Elsewhere in the country, however, it’s a different story. Other federal appeals courts have recognized the broad language of the Migratory Bird Treaty Act as proof that Congress intended to prohibit not just deliberate acts, but also acts of negligence that predictably kill birds.
That has been the stance of the 10th Circuit Court of Appeals, which includes Oklahoma, Kansas, New Mexico, Colorado, Wyoming and Utah. The court held in 2010 that Apollo Energies had violated the Act by leaving uncovered field equipment known to cause bird deaths. The company, the court said, “knew its equipment was a bird trap that could kill.”
The 5th Circuit’s decision allows a variety of corporate practices — building wind turbines along migratory routes, for instance — that could harm huge numbers of birds. All a company has to do is say with a straight face, “We didn’t mean to.”

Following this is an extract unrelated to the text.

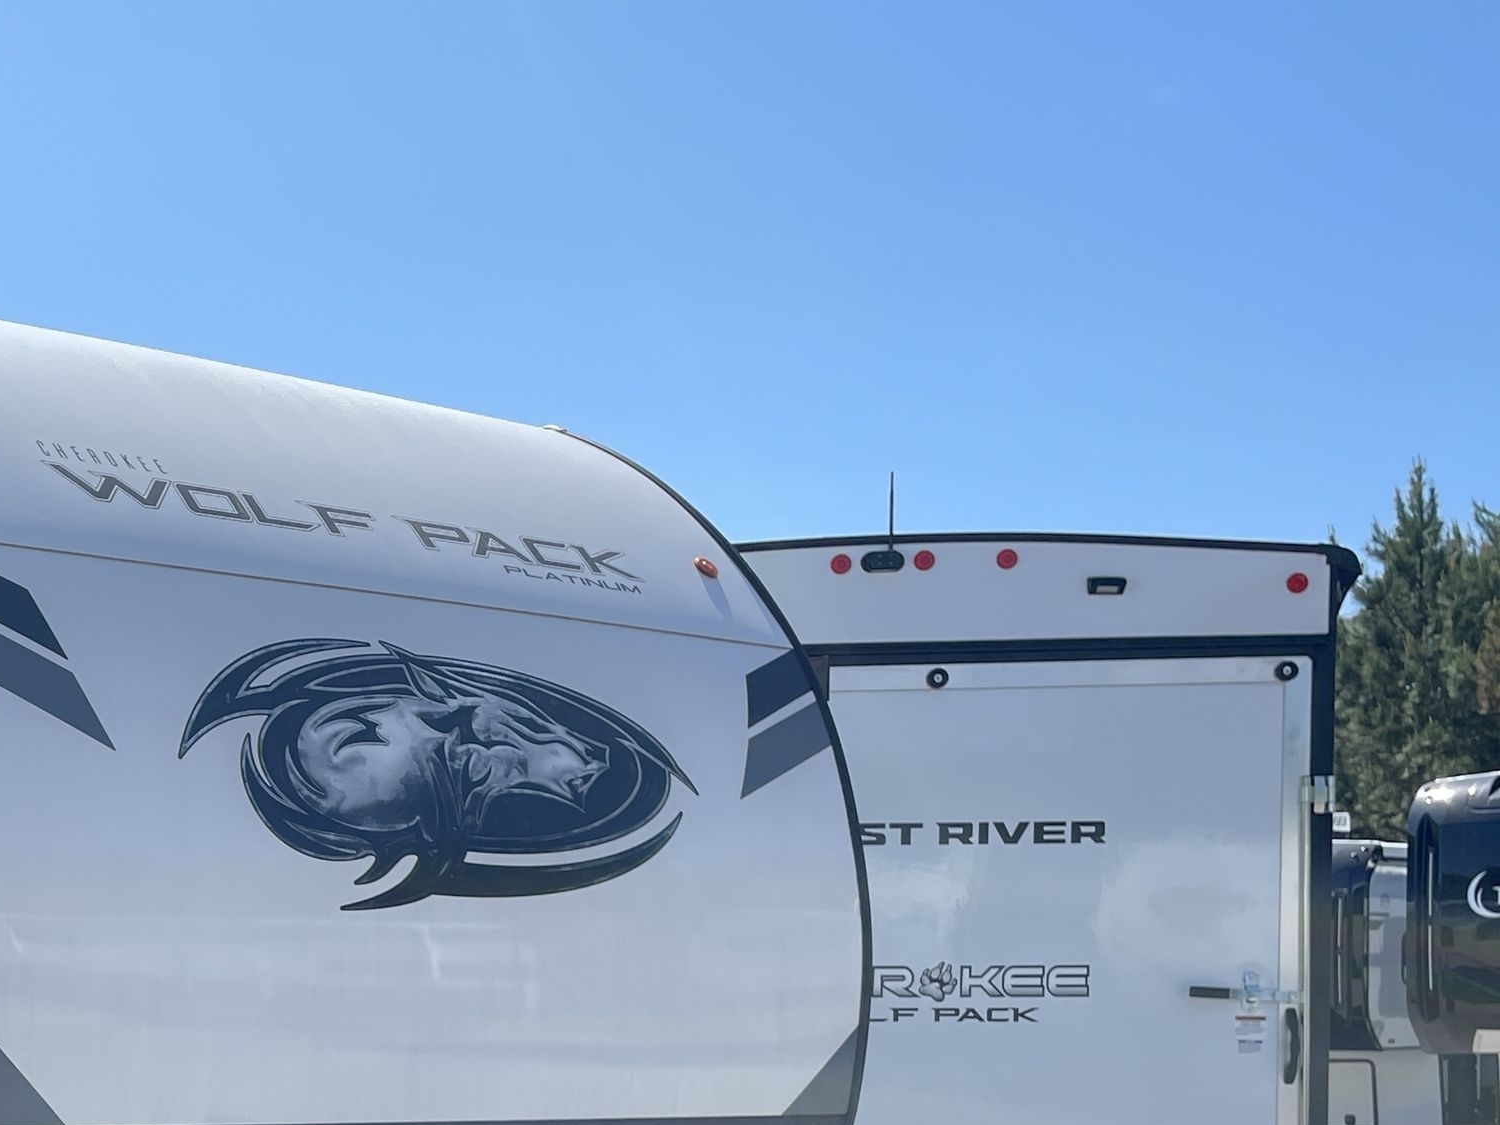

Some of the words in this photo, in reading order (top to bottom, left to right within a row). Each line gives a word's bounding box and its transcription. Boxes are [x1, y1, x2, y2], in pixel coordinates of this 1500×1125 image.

This is a dangerous precedent. The Migratory Bird Treaty Act may have a long history, but its current application matters now more than ever, when many bird populations are in decline. And so we are now at an important juncture: If we allow court rulings to erode the Migratory Bird Treaty Act, what protections do birds have from toxic wastewater ponds and other predictable yet solvable threats?
American Bird Conservancy supports the Fish and Wildlife Service’s right to enforce the Act in cases where bird deaths are predictable and companies are on notice.
In the meantime, instead of trying to dismantle an important environmental law, companies should undertake corrective efforts to protect birds.
It’s the right thing to do — and it’s the law.
Darin Schroeder is vice president of Conservation Advocacy at American Bird Conservancy.